Seems the California Hospital Association hired a consulting outfit to see just how much more costly it is to do surgery involving screws and cages and other hardware for people with occupational injuries than non-occupational ones. And, stunningly, it’s waaaaaaay more expensive!
Yep, wrenching that back lifting a stack of drywall at work requires surgery that is, well, different/more complex/more involved/more time-consuming/
more lucrative than lifting drywall at home when you’re re-doing the family room. The doctors, facilities, devices, tools, patients, support staff, all are identical – the only difference is who’s paying for the device – workers comp or Medicare.

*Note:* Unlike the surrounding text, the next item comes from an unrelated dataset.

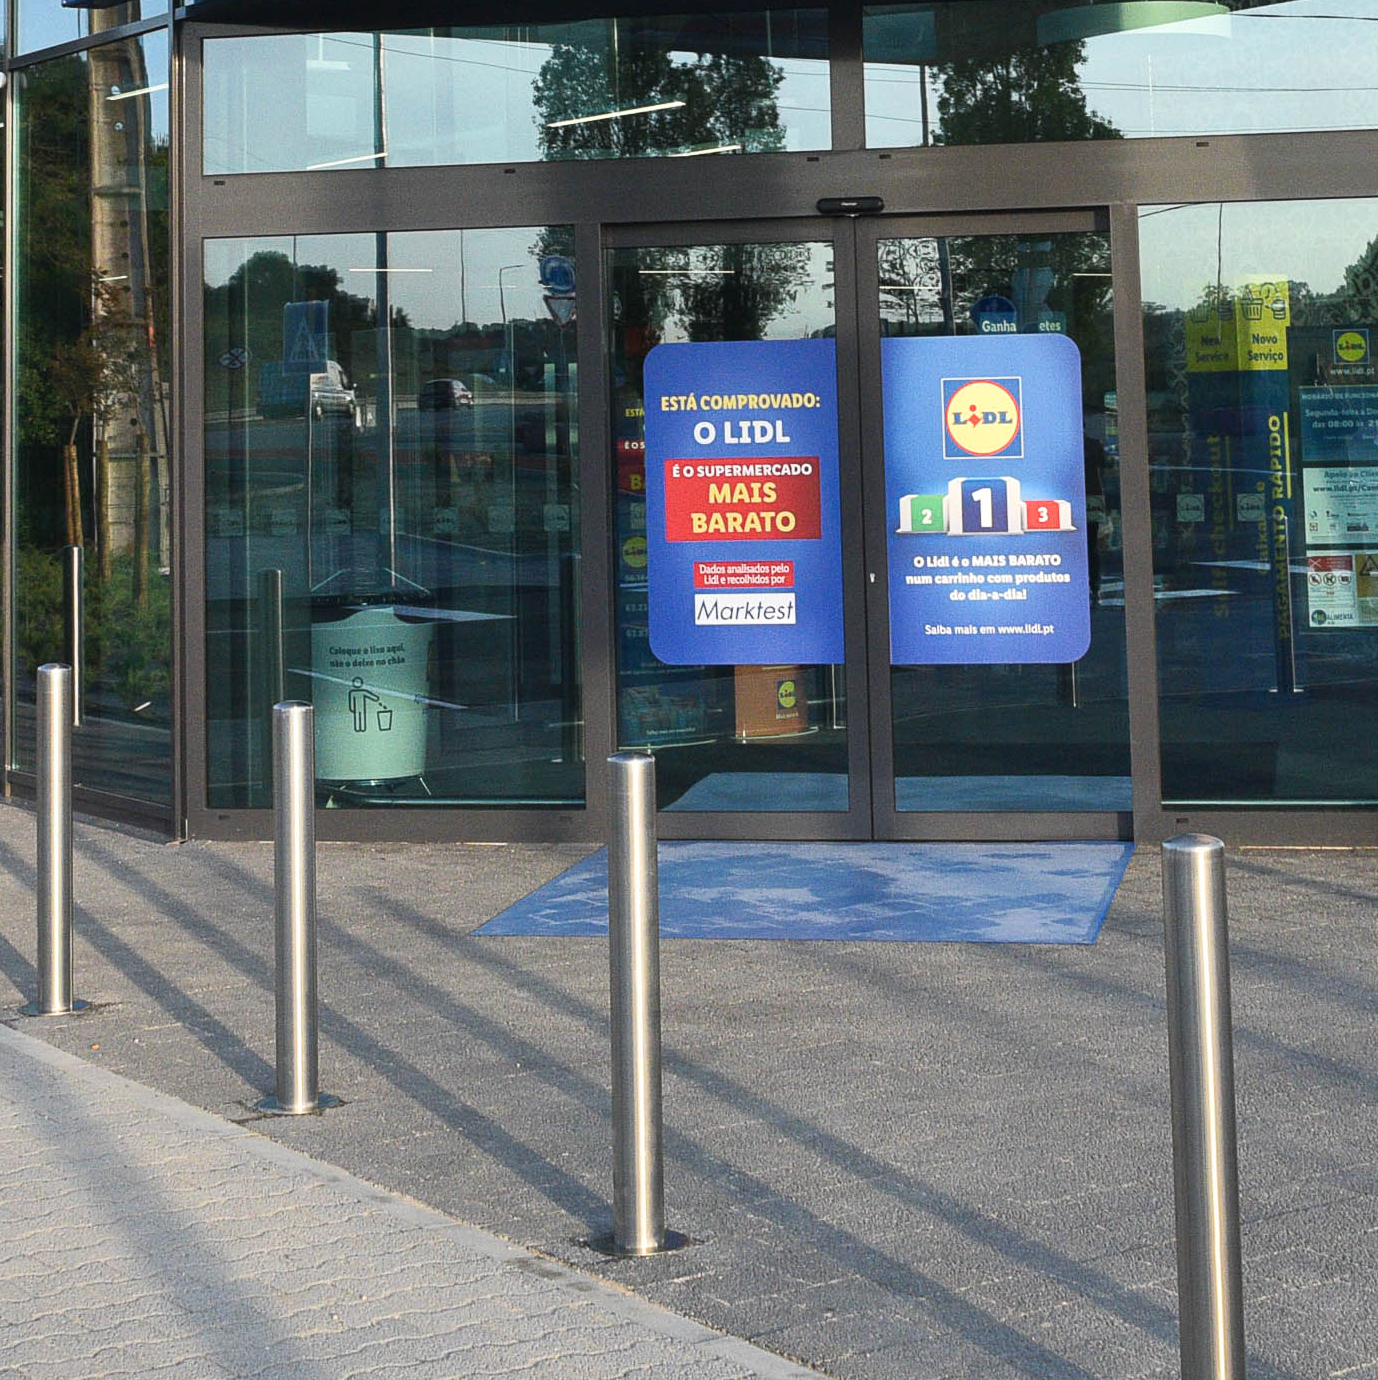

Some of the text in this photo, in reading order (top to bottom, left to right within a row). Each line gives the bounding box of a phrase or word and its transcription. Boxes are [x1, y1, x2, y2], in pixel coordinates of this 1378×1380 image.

The “disagreement” arises over a regulation proposed by DWC California that would set device reimbursement at 120% of Medicare. That’s ALREADY higher than Medicare, but not enough for the profiteers.
Writing in this morning’s WCC, Greg Jones reported that hospitals and their allies said “additional allowances for devices used in certain spinal surgeries are not enough to make up for lost revenue from eliminating the spinal pass-through”.
No $%&*(. It’s not supposed to.
The “pass through” provision allowed these providers to “pass through” grossly inflated charges to workers comp payers. There’s more to it than this – of course – but the net is this.
Once again workers comp is the trough. As friend and colleague John Swan often reminds me, pigs get fat, and hogs get slaughtered.